START Provided records

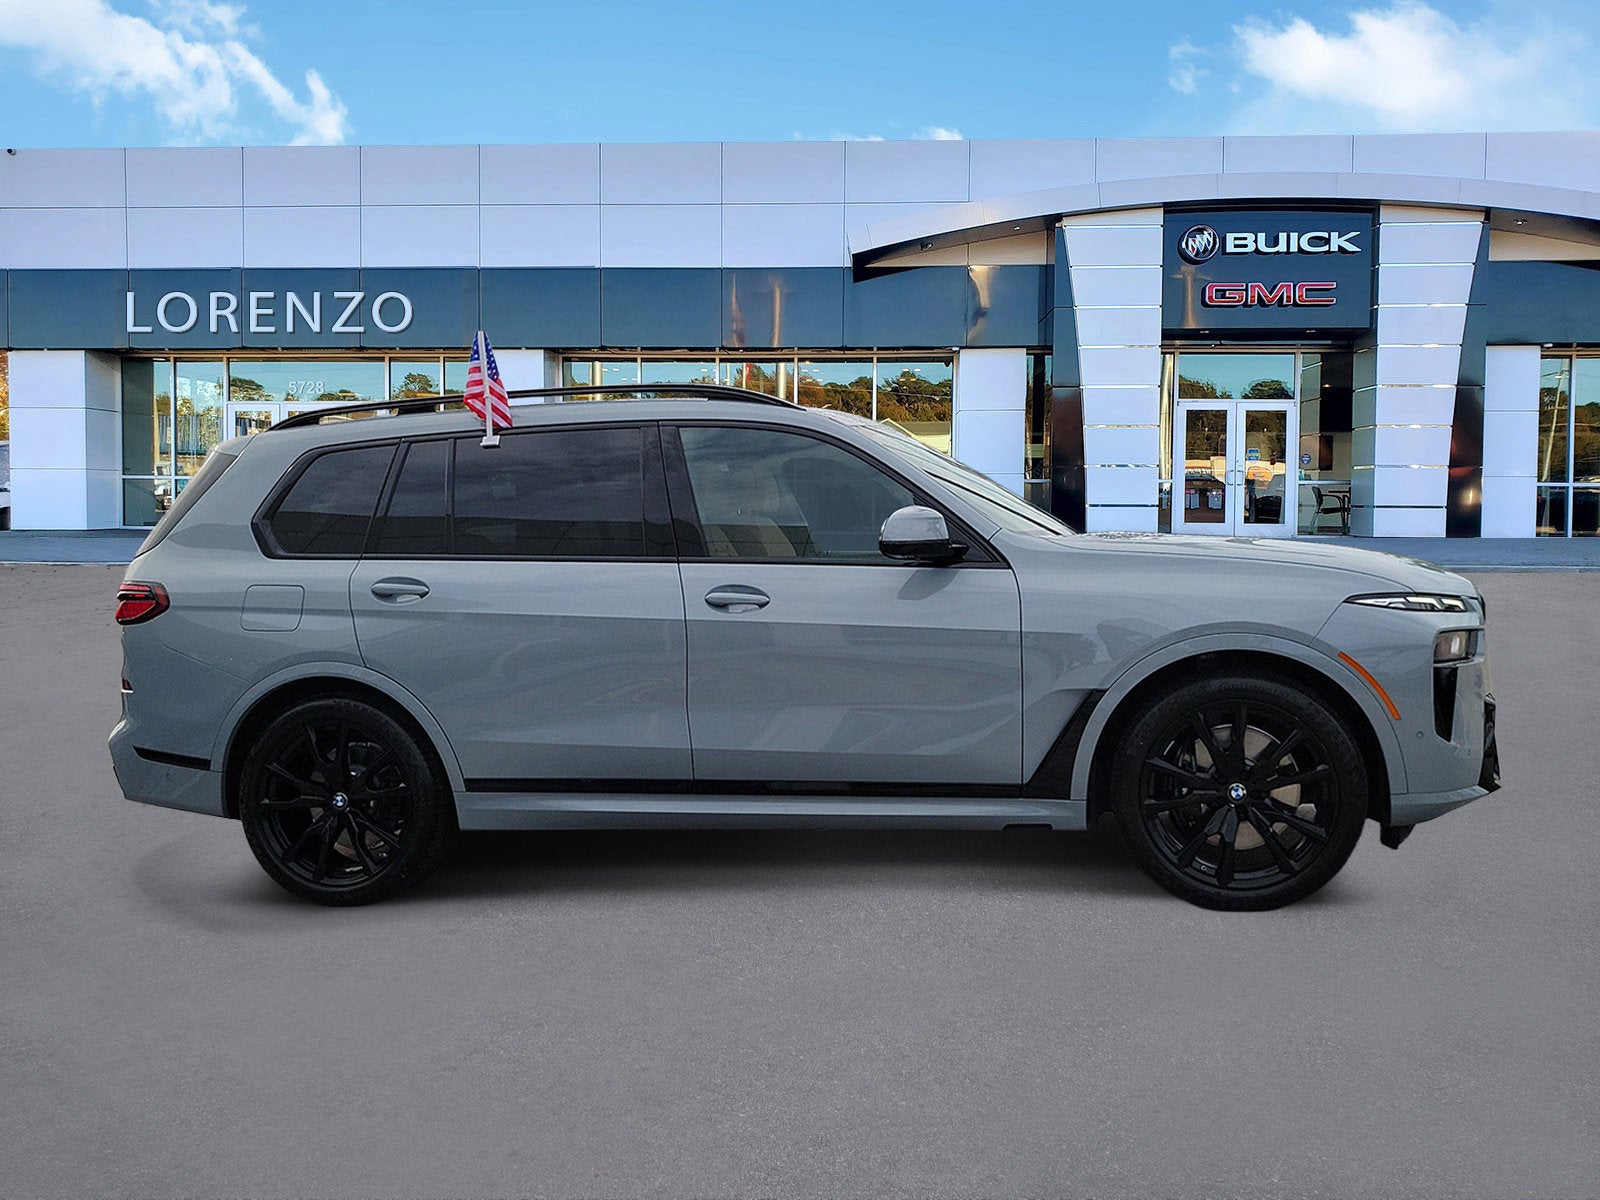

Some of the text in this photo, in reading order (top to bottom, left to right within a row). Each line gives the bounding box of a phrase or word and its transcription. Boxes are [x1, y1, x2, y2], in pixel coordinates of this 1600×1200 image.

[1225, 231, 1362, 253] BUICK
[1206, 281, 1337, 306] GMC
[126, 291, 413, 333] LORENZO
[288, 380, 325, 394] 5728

END Provided records

# Task item:
An exact copy of the data above is required, printed without its pictures.

# Result:
Some of the text in this photo, in reading order (top to bottom, left to right within a row). Each line gives the bounding box of a phrase or word and its transcription. Boxes are [x1, y1, x2, y2], in pixel coordinates of this 1600×1200 image.

[1225, 231, 1362, 253] BUICK
[1206, 281, 1337, 306] GMC
[126, 291, 413, 333] LORENZO
[288, 380, 325, 394] 5728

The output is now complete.